B. IMM-6268-18 Exclusion Order

(1) No breach of procedural fairness

[19] The Applicant alleges that she was denied procedural fairness because the ID Member pursued the allegations of non-compliance with paragraph 51(b) of the Regulations even though the Respondent had made clear, at the outset of the hearing, its intention to only pursue allegations of inadmissibility under paragraph 40(1)(a) of the IRPA. The ID Member effectively made herself co-counsel to the Respondent and referred in her decision to thirteen (13) Federal Court decisions and sections of the IRPA and the Regulations, which were not advanced by the Respondent. In supplementing the Respondent’s case, the ID Member demonstrated bias. Furthermore, the ID breached procedural fairness when it indicated to the Applicant that she would be able to appeal its decision to the IAD. Given the severe consequences that flow from a finding of misrepresentation, the Applicant was entitled to a higher degree of procedural fairness (Likhi v Canada (Citizenship and Immigration), 2020 FC 171 at paras 26-27).

[20] The Applicant’s argument is without merit.

[21] Contrary to the Applicant’s assertion, the ID did not pursue the allegations of non-compliance with paragraph 51(b) of the Regulations. The hearing was based on paragraph 40(1)(a) of the IRPA for misrepresentation.

[22] In conducting its analysis, the ID first noted that the Applicant was a foreign national who did not have an unqualified right to enter or remain in Canada. Moving to the second element for misrepresentation, the ID noted that there was an established principle that a visa applicant seeking to enter Canada has a positive duty of candour, as found in subsections 16(1) and 18(1) of the IRPA and section 51 of the Regulations. All are equally applicable to the interpretation of paragraph 40(1)(a) of the IRPA. While the July subsection 44(1) report did not refer to section 51 of the Regulations, the allegations in the report nevertheless clearly pointed to the application of this provision.

[23] The ID then considered the Applicant’s duty of candour obligations. It found that when the Applicant married in February 2018, a change in her personal circumstances occurred and from that point on, she had the obligation to inform the visa post. By withholding the information about her marriage and not correcting the information held by the visa post, the Applicant engaged in misrepresentation.

[24] It is in the context of assessing whether the Applicant could overcome the finding of misrepresentation that the ID again referred to section 51 of the Regulations and found that when she presented herself at the port of entry, she could not establish that she was an accompanying dependant given her marital status.

[25] As for the remaining elements of misrepresentation, the ID concluded that withholding the fact that she had gotten married and was therefore no longer eligible as a dependant child was a relevant matter, which induced an error in the administration of the IRPA.

[26] The ID explicitly indicated in its reasons that its references to section 51 of the Regulations were not intended to address a separate ground of inadmissibility.

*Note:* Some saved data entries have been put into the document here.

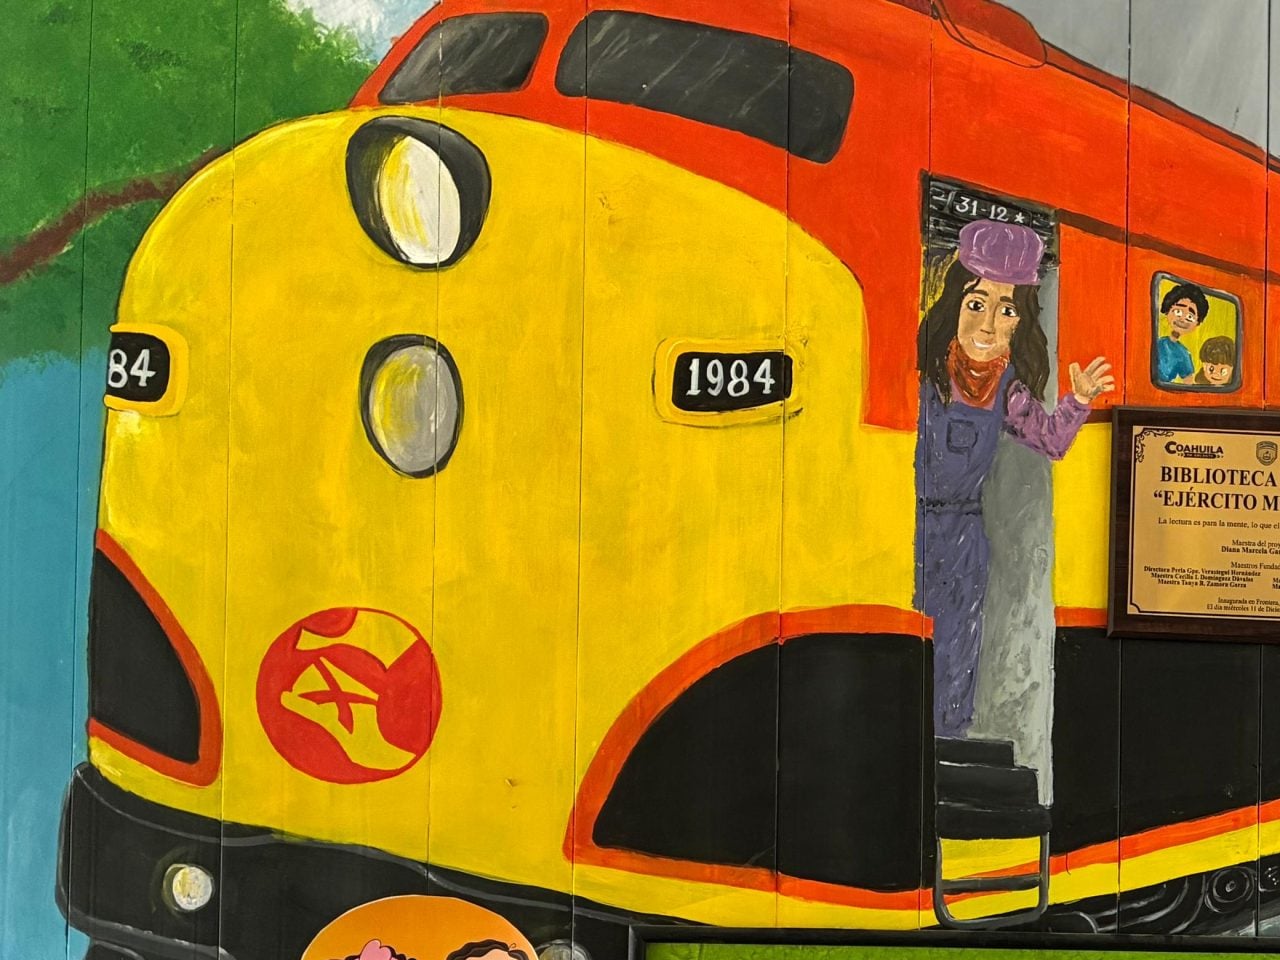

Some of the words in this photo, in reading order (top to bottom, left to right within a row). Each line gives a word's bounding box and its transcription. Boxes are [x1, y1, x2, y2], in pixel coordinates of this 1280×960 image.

[686, 358, 776, 397] 1984
[1164, 440, 1224, 454] COAHUILA
[1160, 466, 1277, 487] BIBLIOTECA
[1158, 517, 1167, 525] La
[1169, 517, 1192, 526] lectura
[1202, 520, 1217, 528] para
[1219, 519, 1225, 527] la
[1260, 522, 1272, 530] que
[1232, 539, 1256, 547] Maestra
[1241, 546, 1268, 554] Marcela
[1143, 565, 1170, 573] Directora
[1231, 561, 1258, 569] Maestros
[1158, 578, 1180, 586] Maestra
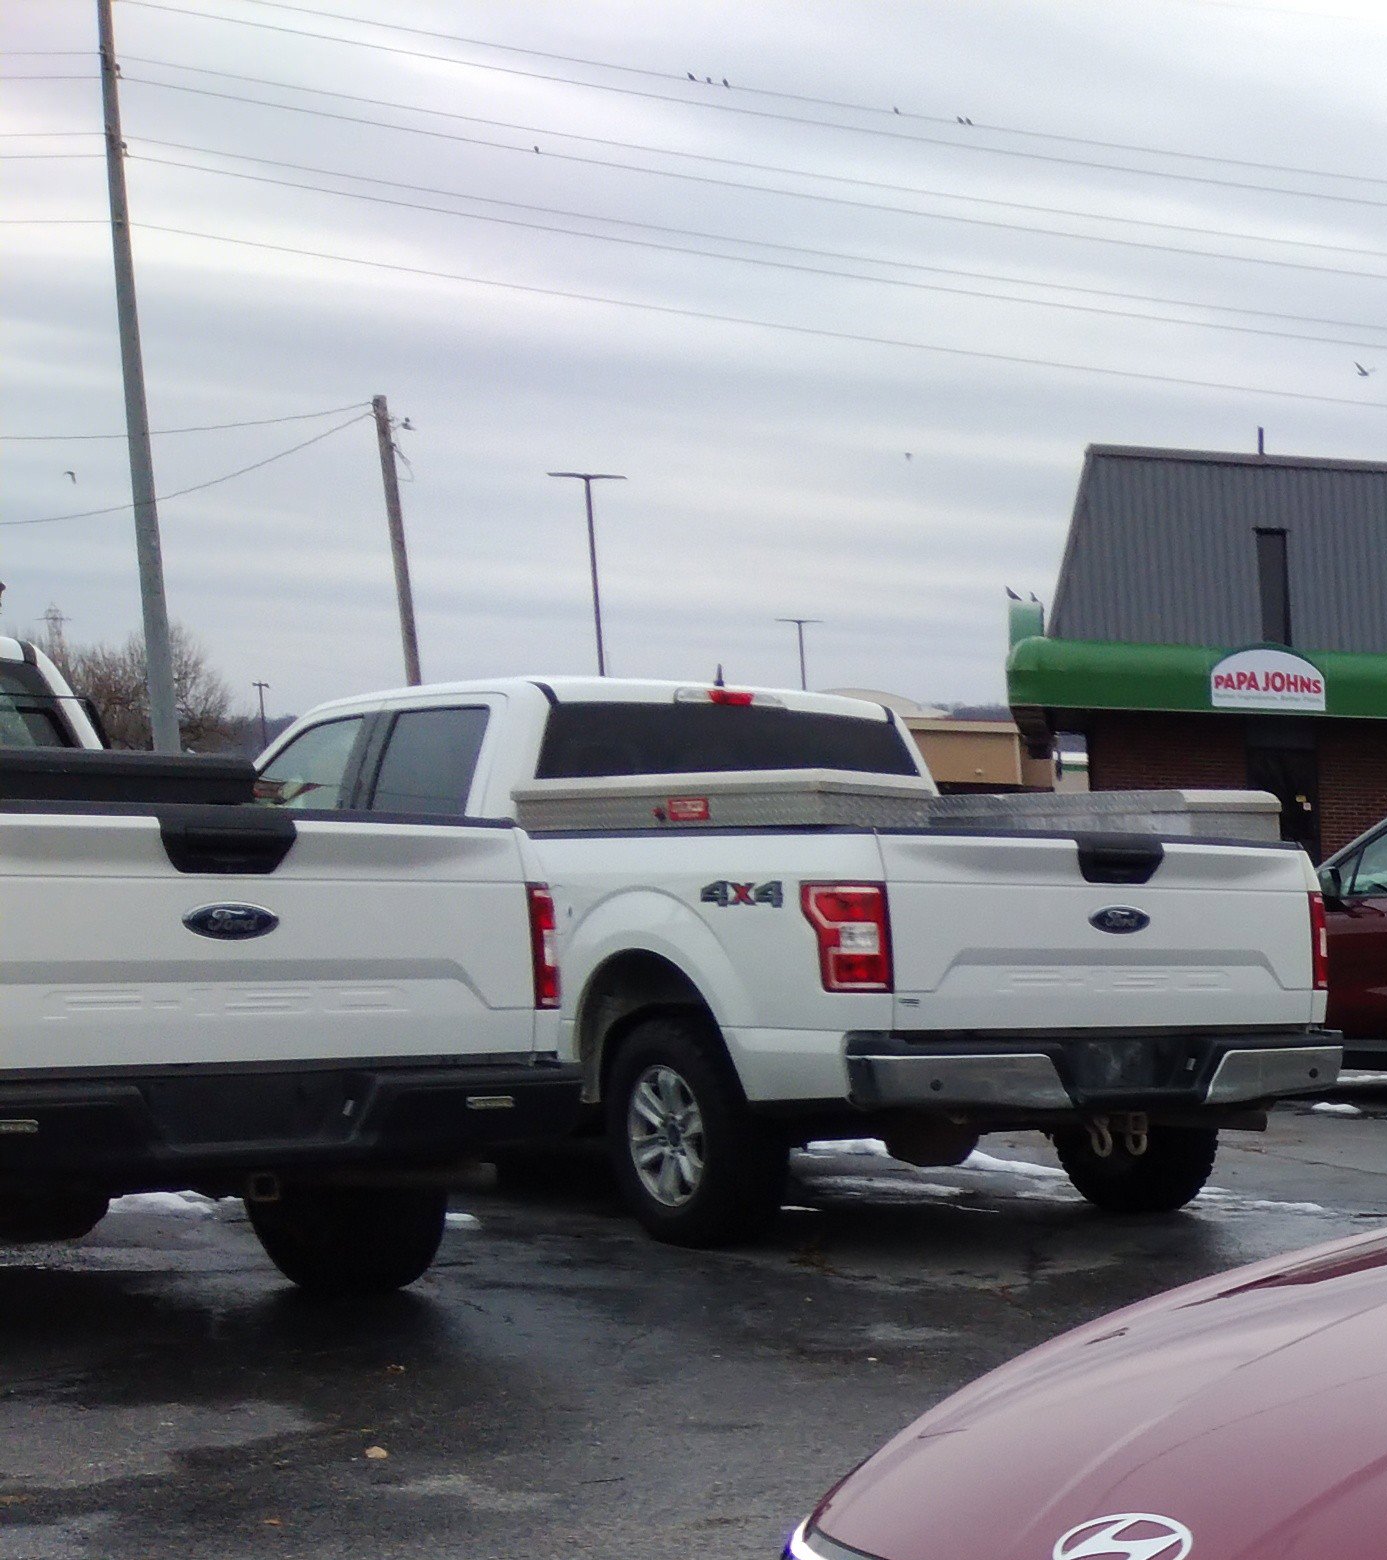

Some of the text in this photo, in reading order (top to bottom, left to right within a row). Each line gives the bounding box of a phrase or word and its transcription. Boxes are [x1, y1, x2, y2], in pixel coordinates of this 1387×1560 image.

[27] The Applicant cannot reasonably claim that she did not know the case she had to meet. The July subsection 44(1) report clearly sets out the allegations against the Applicant. She did not inform the Canadian authorities responsible for processing her application for permanent residence that her marital status had changed prior to her arrival in Canada, thereby inducing an error in the administration of the IRPA. Had she advised the visa post of her change of marital status prior to her arrival, her visa would likely have been cancelled as she was no longer eligible to land as a dependant child.

[28] As for the allegation that the ID Member was not impartial, the Applicant has not persuaded me that referring to case law and statutory provisions on issues known to the Applicant demonstrates bias. Moreover, the ID expressly provided the opportunity to the Applicant, by its direction issued twelve (12) days before the second sitting, to make submissions on the legislative provisions and statutory obligations relevant to her case.

[29] Likewise, the Applicant cannot claim a breach of procedural fairness or natural justice because the ID erroneously mentioned at the hearing that she had a right of appeal to the IAD. The ID’s role was limited to determining whether the Applicant was inadmissible on the grounds of misrepresentation. I am not persuaded that the ID’s conclusion was premised on the belief that the Applicant would be appealing the Exclusion Order so that she could raise humanitarian and compassionate considerations on appeal. In addition, the Applicant was represented by counsel at the hearing and the right of appeal is conferred by statutory authority, not by a statement made by the ID.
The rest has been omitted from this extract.